* **Directions for this task**
Copy exactly, and only, the lines that start at the line containing "this 960×1280 image." and end at the last line of the material below.

* **Material for this task**
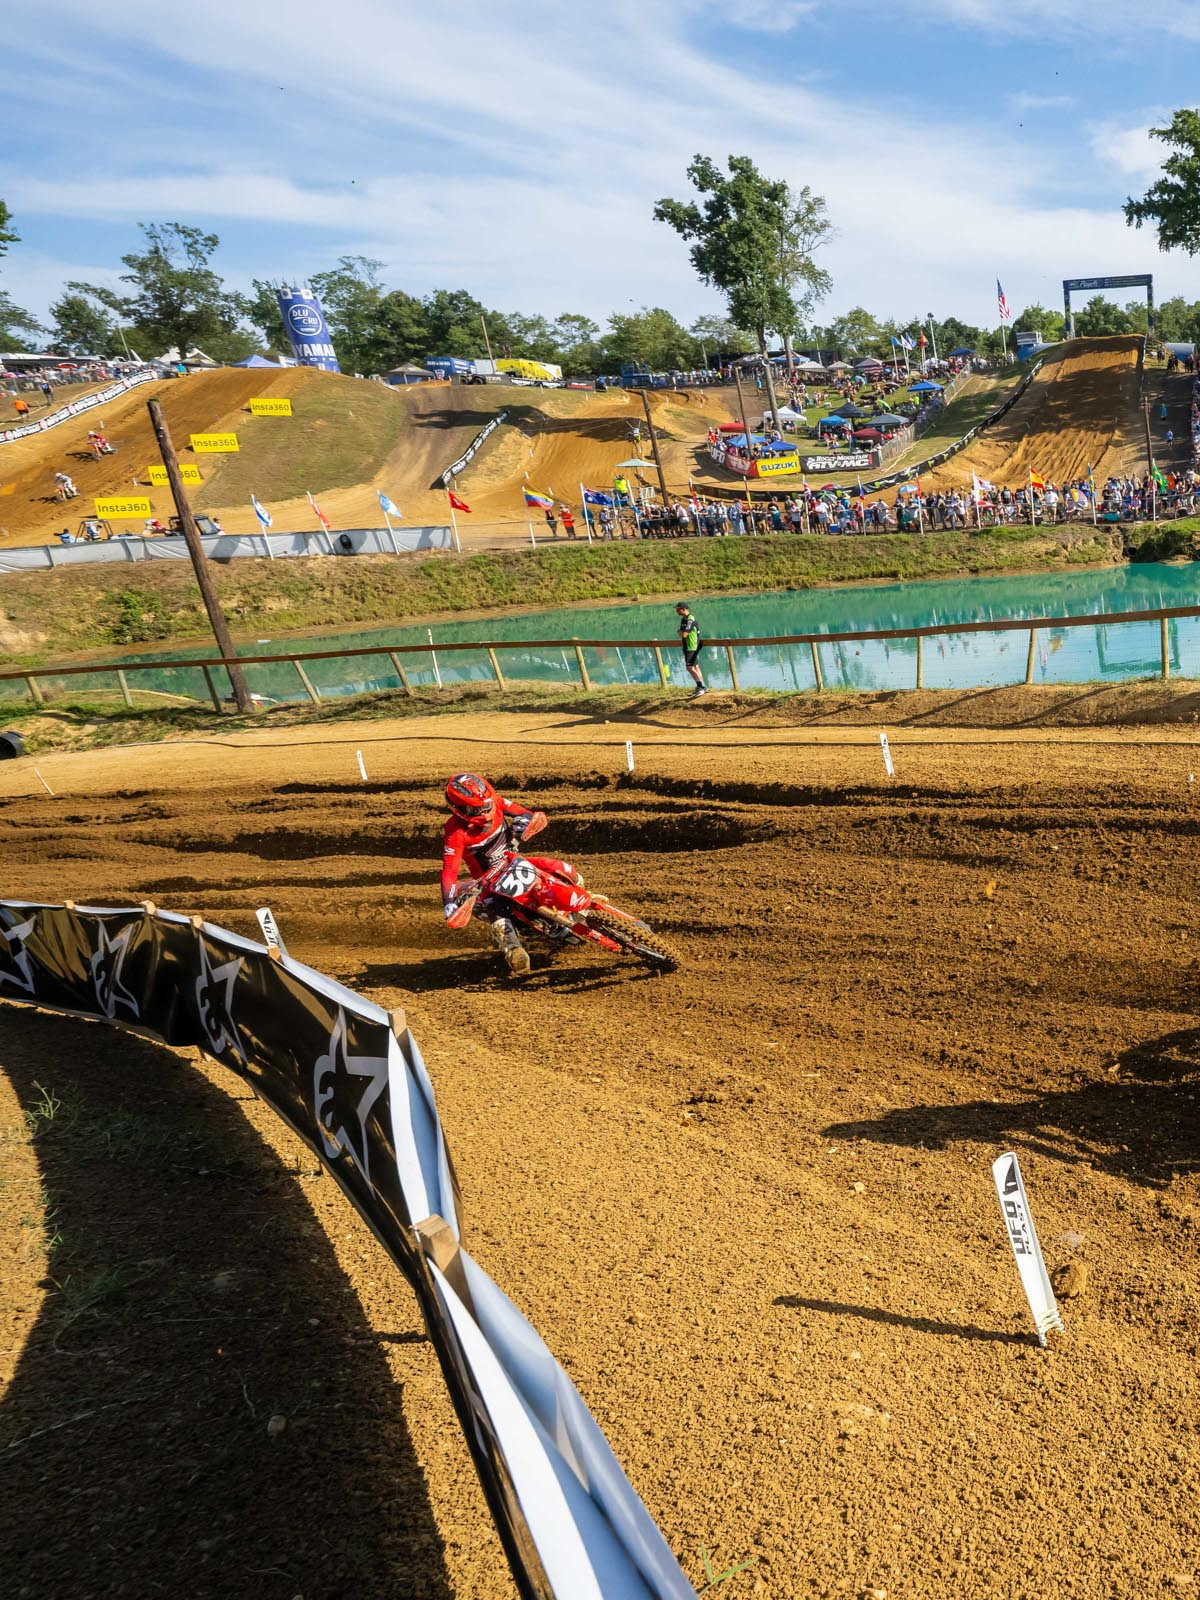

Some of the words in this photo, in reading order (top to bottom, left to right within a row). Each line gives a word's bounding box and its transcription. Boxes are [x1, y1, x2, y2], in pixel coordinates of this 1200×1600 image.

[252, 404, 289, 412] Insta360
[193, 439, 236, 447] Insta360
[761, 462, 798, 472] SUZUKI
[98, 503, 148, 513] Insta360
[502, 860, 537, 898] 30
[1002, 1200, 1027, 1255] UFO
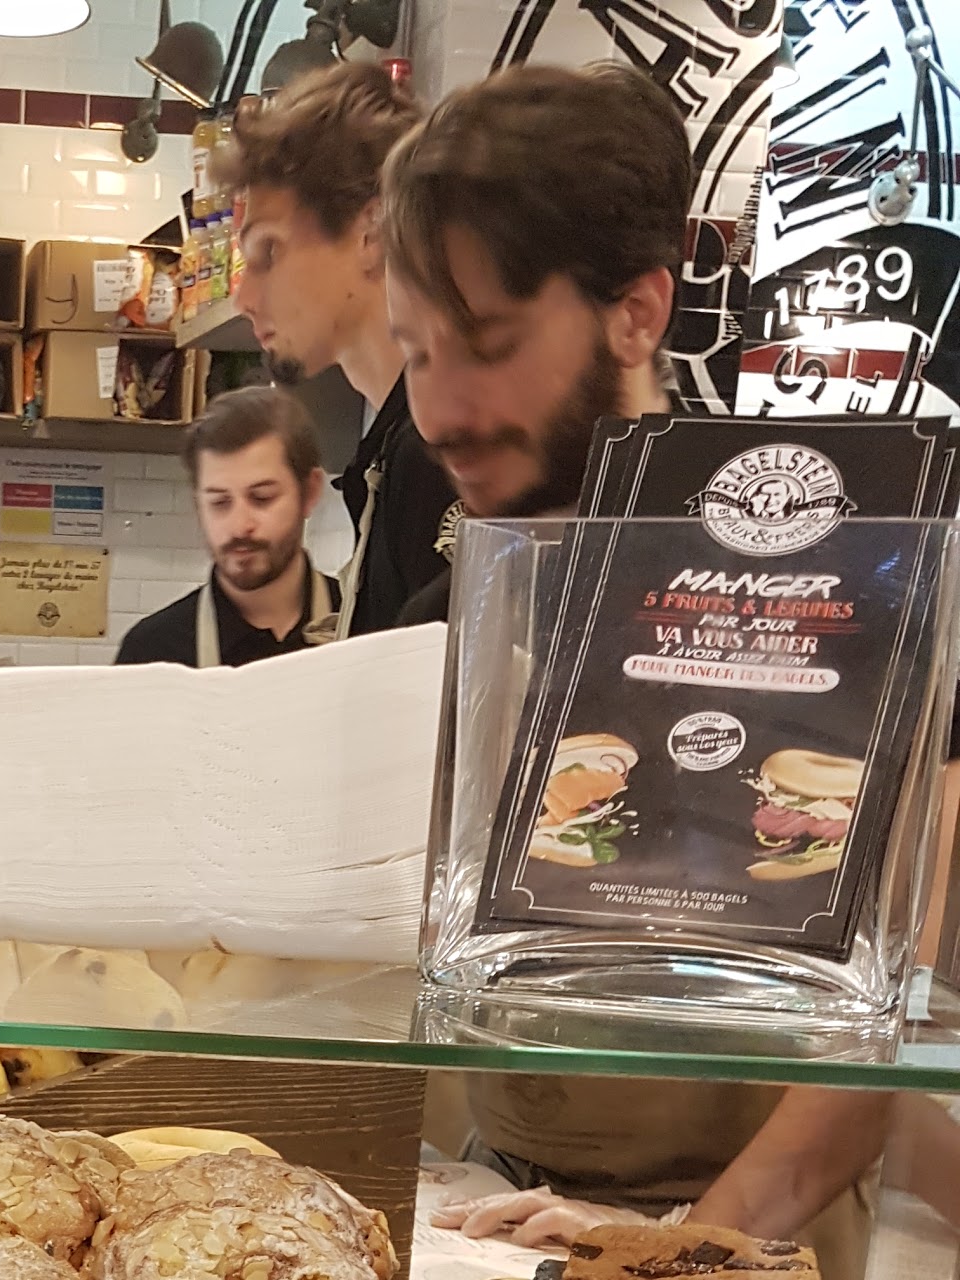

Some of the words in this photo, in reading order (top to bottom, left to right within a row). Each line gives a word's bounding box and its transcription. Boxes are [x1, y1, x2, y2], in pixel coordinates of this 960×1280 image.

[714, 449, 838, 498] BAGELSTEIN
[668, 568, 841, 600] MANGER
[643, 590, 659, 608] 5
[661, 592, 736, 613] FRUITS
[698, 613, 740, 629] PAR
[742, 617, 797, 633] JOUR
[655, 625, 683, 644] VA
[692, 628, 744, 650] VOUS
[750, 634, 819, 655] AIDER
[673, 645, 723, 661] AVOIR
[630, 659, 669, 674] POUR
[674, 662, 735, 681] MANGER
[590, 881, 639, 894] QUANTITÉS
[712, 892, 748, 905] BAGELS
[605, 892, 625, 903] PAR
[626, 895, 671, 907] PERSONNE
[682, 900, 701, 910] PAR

* **Written reply**
Some of the words in this photo, in reading order (top to bottom, left to right within a row). Each line gives a word's bounding box and its transcription. Boxes are [x1, y1, x2, y2], in pixel coordinates of this 960×1280 image.

[714, 449, 838, 498] BAGELSTEIN
[668, 568, 841, 600] MANGER
[643, 590, 659, 608] 5
[661, 592, 736, 613] FRUITS
[698, 613, 740, 629] PAR
[742, 617, 797, 633] JOUR
[655, 625, 683, 644] VA
[692, 628, 744, 650] VOUS
[750, 634, 819, 655] AIDER
[673, 645, 723, 661] AVOIR
[630, 659, 669, 674] POUR
[674, 662, 735, 681] MANGER
[590, 881, 639, 894] QUANTITÉS
[712, 892, 748, 905] BAGELS
[605, 892, 625, 903] PAR
[626, 895, 671, 907] PERSONNE
[682, 900, 701, 910] PAR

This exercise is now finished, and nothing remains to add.